Considering adopting a puppy? The kids are nagging you for a puppy and promising to take care of it?
The Pesach vacation is at its peak and many parents are struggling with the question of how to keep the kids occupied. Add to that the fact that many children persistently plead with their parents to get them a dog, promising to take care of it themselves. Now you will understand why the percentage of dog adoptions, particularly small puppies, shoots up dramatically during this season. However, this issue also has another side to it: often, after a few weeks, the children’s enthusiasm wears off, the burden of caring for the dog falls on the parents and the dog is given to others or transferred to a pound.
How do you go about adopting a dog? What influence does a pet have on children? And what is important to take into consideration in order for the adoption to succeed? Read all about these questions, and more, in the following article.
There is no doubt that it is hard to remain unmoved by a puppy. Those captivating eyes, soft fur, their boundless curiosity as they set off on their voyage of discovery of the world around them – all of these cause a great many people to decide to adopt a puppy without considering the whole picture and without taking into account the consequences of taking that furry, adorable creature into their home.
“It’s not easy to raise a puppy”, anyone who has had the experience will hasten to enlighten you. Apart from the limitless sweetness and the vision of the puppy growing and taking shape in front of your eyes, there are also needs that one must see to in the house, frequent walks that need to be taken, and potential damage to furniture and other household items. Often, as the initial enthusiasm with the puppy wears off, the expectations and dreams meet up with reality and the adoption comes to a sorrowful and bitterly disappointing end, both for the puppy and its owner.
For this reason there is a sort of vicious circle, within which there is a constant high demand for puppies, but at the same time desertion that takes place usually a few weeks or months after the adoption.
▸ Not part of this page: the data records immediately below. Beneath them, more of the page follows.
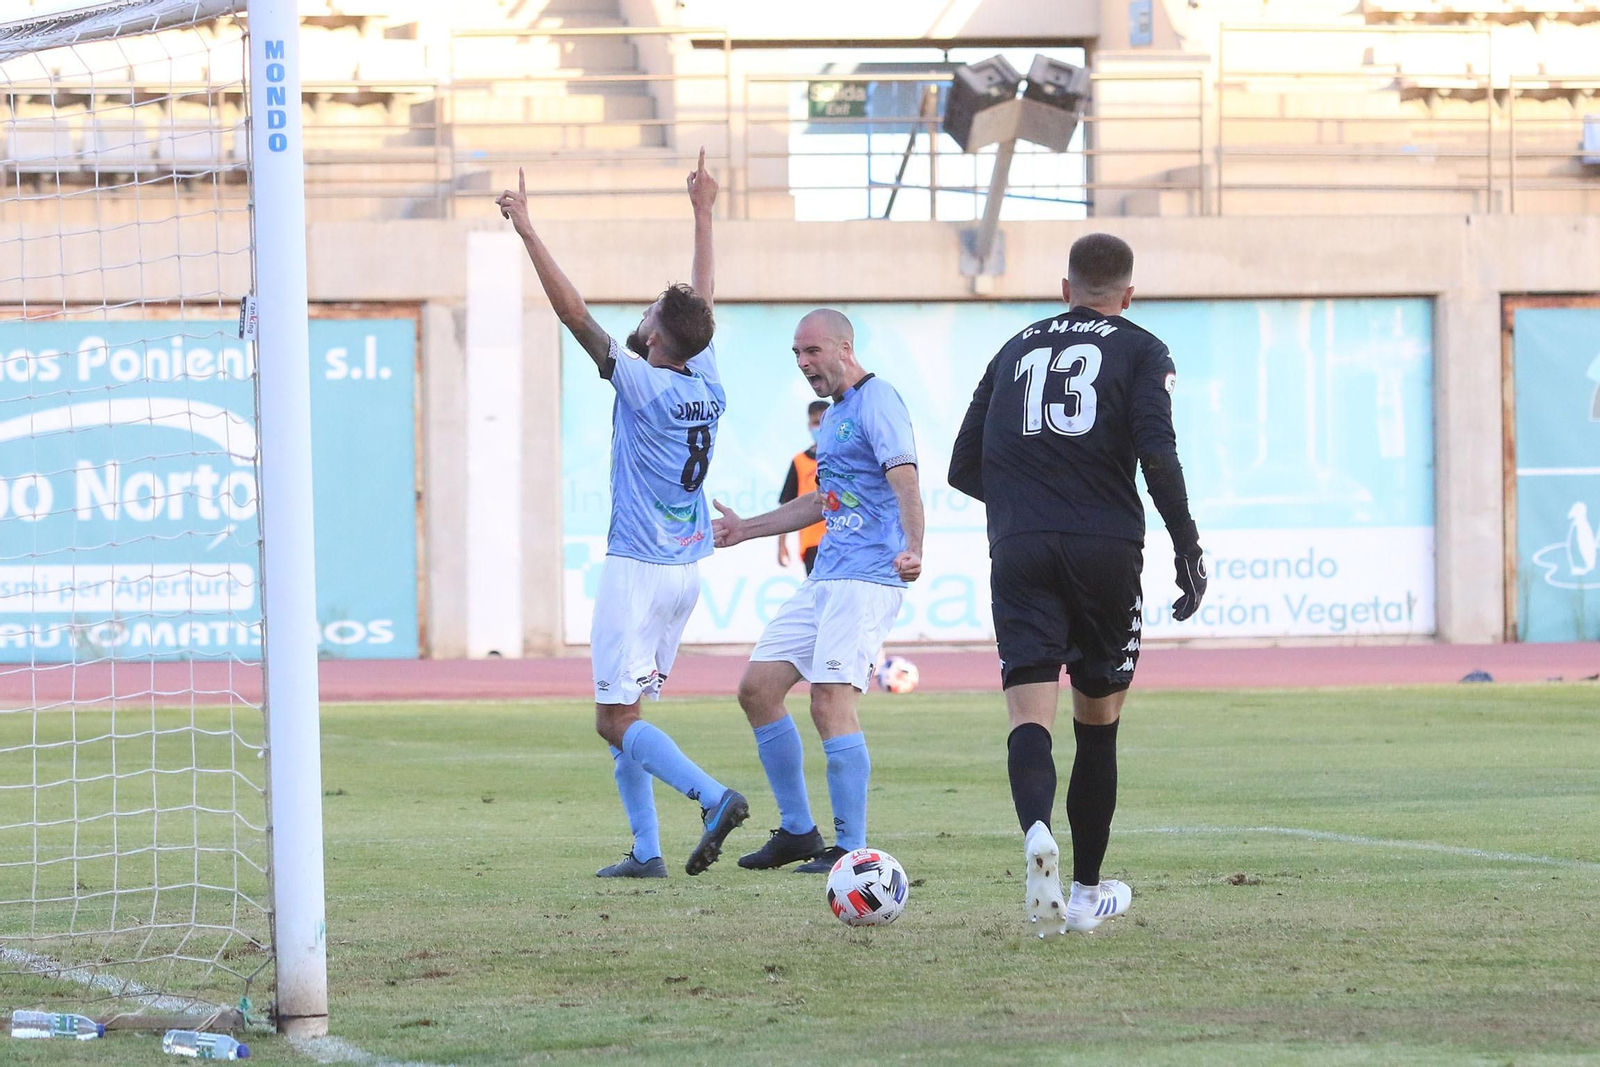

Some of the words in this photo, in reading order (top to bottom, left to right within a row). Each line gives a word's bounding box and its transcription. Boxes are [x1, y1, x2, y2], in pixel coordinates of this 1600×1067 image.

[265, 39, 288, 152] MONDO
[247, 302, 258, 335] ranking
[0, 348, 61, 382] os
[325, 335, 393, 380] s.l.
[1014, 343, 1103, 437] 13
[680, 425, 710, 493] 8
[1204, 546, 1338, 580] reando
[114, 573, 240, 604] Aperture
[1284, 590, 1415, 632] Vegetal
In evidence: 65% of the dogs given to the Society in 2010 were puppies of less than one year of age, more than half of them even less than three months old.
“In the Society for Prevention of Cruelty of Animals in Israel, there are many dogs”, says Na’ama Rolnik, an adoption counselor and animal trainer in the Society. “Some of them were born to un-spayed bitches in their homes, whose owners didn’t take responsibility to find homes for them, and some were adopted from various places and given to us when their owners couldn’t handle the burden of rearing them.
In the best instances the puppies are brought directly to us, but there are a great number of puppies, as well as adult dogs, who are just thrown out on the street and abandoned. If they are lucky, someone finds them and brings them in to us. Finding a carton box filled with very young puppies is a matter of course, and it breaks ones heart to see them starting off their lives in a cell in the dog pound instead of in a warm and loving home.”
Children and Dogs
Rearing dogs has many advantages and research has shown pet owners to be healthier and more relaxed people who enjoy a longer life span. For many children the family pet is their best friend; a companion who gives never-ending love and helps the child to develop responsibility, self-confidence, empathy to others less fortunate than themselves and the ability to give and receive emotionally. It is therefore obvious why dogs are used as therapeutic aids in therapy through animals.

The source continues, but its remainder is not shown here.